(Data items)
☆ ☆ ☆
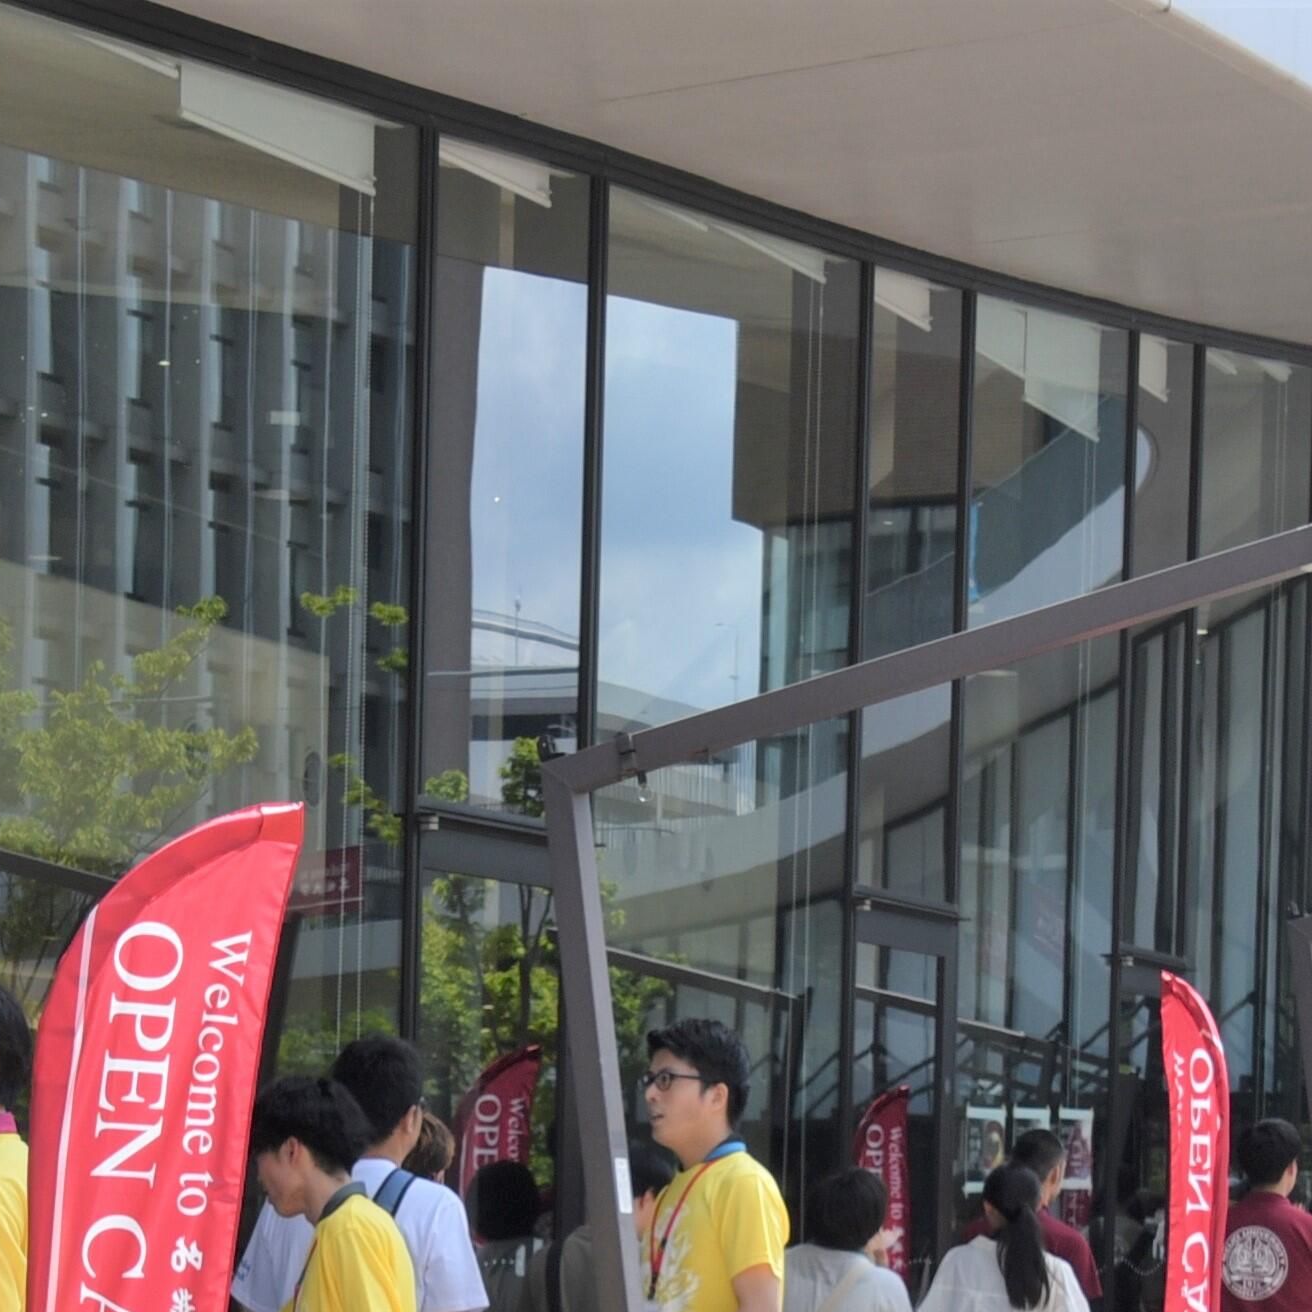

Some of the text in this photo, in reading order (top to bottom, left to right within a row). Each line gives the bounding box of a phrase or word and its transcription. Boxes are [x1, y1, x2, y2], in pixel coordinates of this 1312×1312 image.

[90, 920, 185, 1188] OPEN
[182, 929, 254, 1155] Welcome
[177, 1171, 214, 1217] to
[473, 1093, 503, 1170] OPE
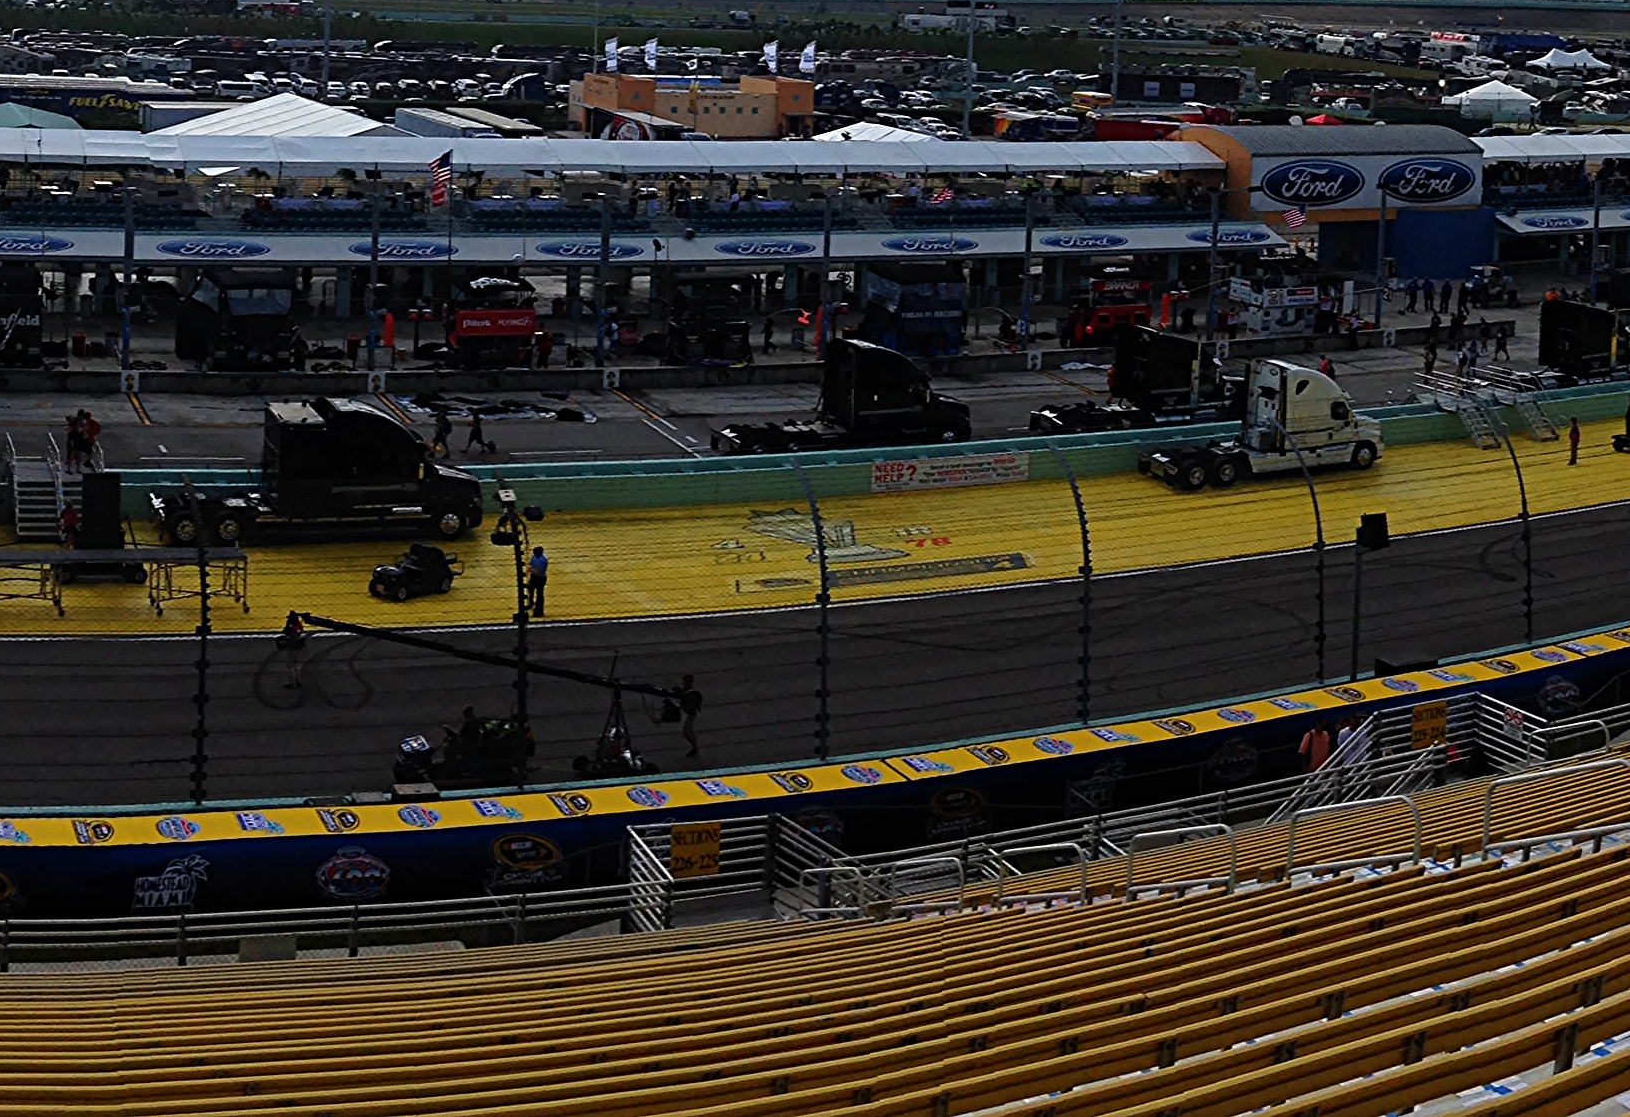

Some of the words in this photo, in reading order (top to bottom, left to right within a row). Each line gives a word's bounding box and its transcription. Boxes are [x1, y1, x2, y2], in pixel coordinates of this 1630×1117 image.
☆ ☆ ☆
#### REQUIREMENT
Word-for-word repeat, images excluded: return all the data.

#### SOLUTION FOR THIS EXERCISE
Some of the text in this photo, in reading order (top to bottom, left to right within a row). Each line gives the bounding box of a phrase or word and its transcription. Boxes are [x1, y1, x2, y2], in pixel coordinates of this 1312×1312 image.

[90, 920, 185, 1188] OPEN
[182, 929, 254, 1155] Welcome
[177, 1171, 214, 1217] to
[473, 1093, 503, 1170] OPE

Some of the words in this photo, in reading order (top to bottom, left to right within a row). Each line gives a word's bounding box and its transcription. Boxes are [x1, y1, x2, y2], in pixel coordinates of this 1630×1117 image.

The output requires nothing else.